Op 21 juni 2018 heeft de Rechtbank Amsterdam uitspraak gedaan in een rekestprocedure betreffende een Europees Aanhoudingsbevel (EAB) dat was uitgevaardigd door de onderzoeksrechter in Antwerpen, België. De zaak betreft de opgeëiste persoon, geboren in Algerije in 1964, die wordt verdacht van georganiseerde of gewapende diefstal. De rechtbank heeft de vordering tot overlevering behandeld op een openbare zitting op 7 juni 2018, waarbij de officier van justitie, mr. U.A.E. Weitzel, aanwezig was en de opgeëiste persoon werd bijgestaan door zijn raadsman, mr. J.F. van der Brugge.

De rechtbank heeft vastgesteld dat de identiteit van de opgeëiste persoon juist is en dat hij de Algerijnse nationaliteit heeft. De opgeëiste persoon heeft verklaard niet schuldig te zijn aan de hem verweten feiten en heeft een onschuldverweer gevoerd, waarbij hij stelde dat hij op het moment van de woningoverval niet in België was. De rechtbank oordeelde echter dat de ontkennende verklaring onvoldoende was om de onschuld van de opgeëiste persoon aan te tonen, en dat het aan de Belgische rechter is om deze afweging te maken in de strafprocedure.

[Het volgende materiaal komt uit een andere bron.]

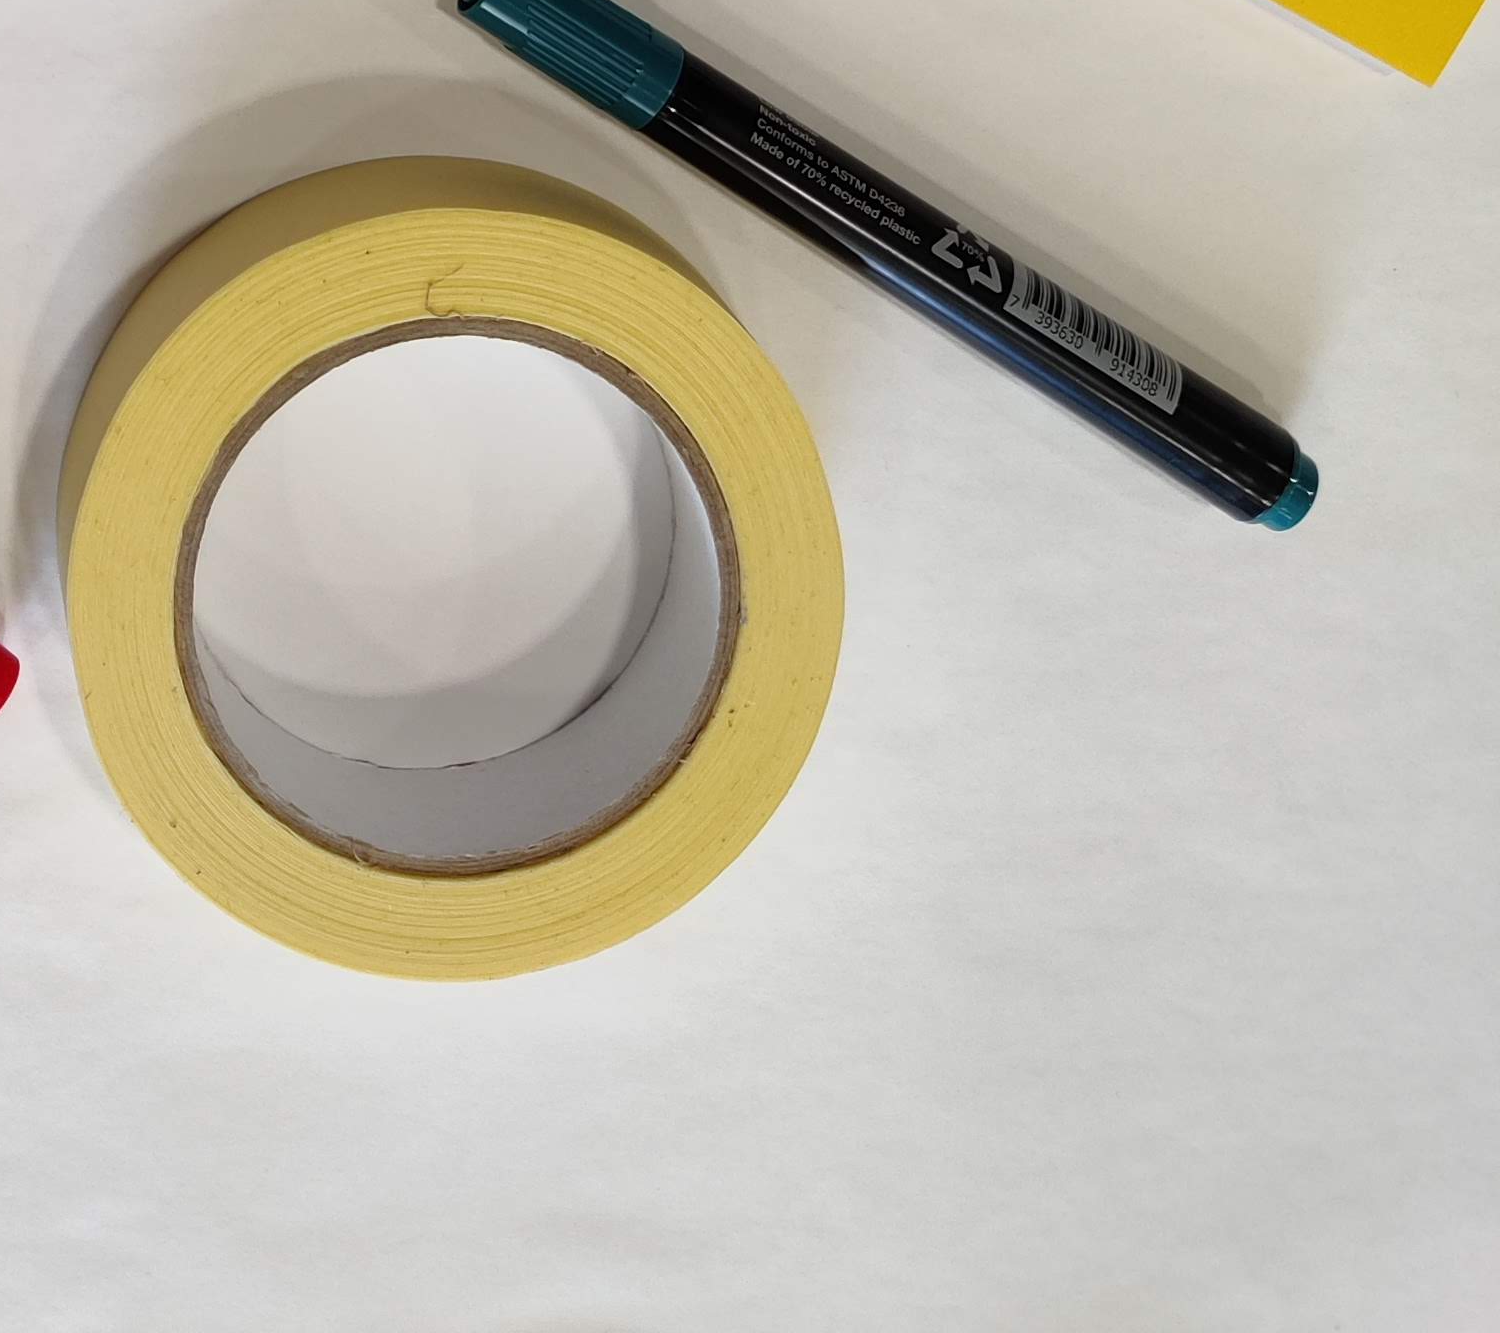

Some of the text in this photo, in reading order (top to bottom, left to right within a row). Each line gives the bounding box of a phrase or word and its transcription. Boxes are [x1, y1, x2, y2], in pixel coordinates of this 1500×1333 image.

Daarnaast heeft de raadsman gewezen op de slechte detentieomstandigheden in België, vooral voor gedetineerden met psychische problemen. De rechtbank heeft echter geoordeeld dat de detentieomstandigheden in België geen reden vormen om de overlevering uit te stellen. De rechtbank heeft vastgesteld dat het EAB voldoet aan de eisen van de Overleveringswet en dat er geen weigeringsgronden zijn. De rechtbank heeft daarom de overlevering van de opgeëiste persoon aan België toegestaan, met inachtneming van de mogelijkheid voor de officier van justitie om de medische omstandigheden te beoordelen in het kader van de feitelijke overlevering.

Uitspraak

RECHTBANK AMSTERDAM,

INTERNATIONALE RECHTSHULPKAMER

Parketnummer: 13/751346-18
RK-nummer: 18/2538
Datum uitspraak: 21 juni 2018
UITSPRAAK
op de vordering ex artikel 23 van de Overleveringswet (OLW), ingediend door de officier van justitie bij deze rechtbank. Deze vordering dateert van 16 april 2018 en betreft onder meer het in behandeling nemen van een Europees aanhoudingsbevel (EAB).
Dit EAB is uitgevaardigd op 10 oktober 2017 (ontvangen op 15 april 2018) door de onderzoeksrechter in de rechtbank van eerste aanleg van Antwerpen (België) en strekt tot de aanhouding en overlevering van:
[opgeëiste persoon] (met meerdere aliassen),
geboren te [geboorteplaats] (Algerije) op [geboortedag] 1964,
zonder vaste woon- of verblijfplaats in Nederland,
gedetineerd in het [locatie] ,
hierna te noemen “de opgeëiste persoon”.

1.Procesgang

De vordering is behandeld op de openbare zitting van 7 juni 2018. Het verhoor heeft plaatsgevonden in tegenwoordigheid van de officier van justitie mr. U.A.E. Weitzel.
De opgeëiste persoon heeft zich laten bijstaan door zijn raadsman, mr. J.F. van der Brugge, advocaat in Amsterdam.
De rechtbank heeft de termijn waarbinnen zij op grond van artikel 22, eerste lid, van de OLW uitspraak zou moeten doen voor 30 dagen verlengd omdat zij die verlenging nodig heeft om over de verzochte overlevering te beslissen.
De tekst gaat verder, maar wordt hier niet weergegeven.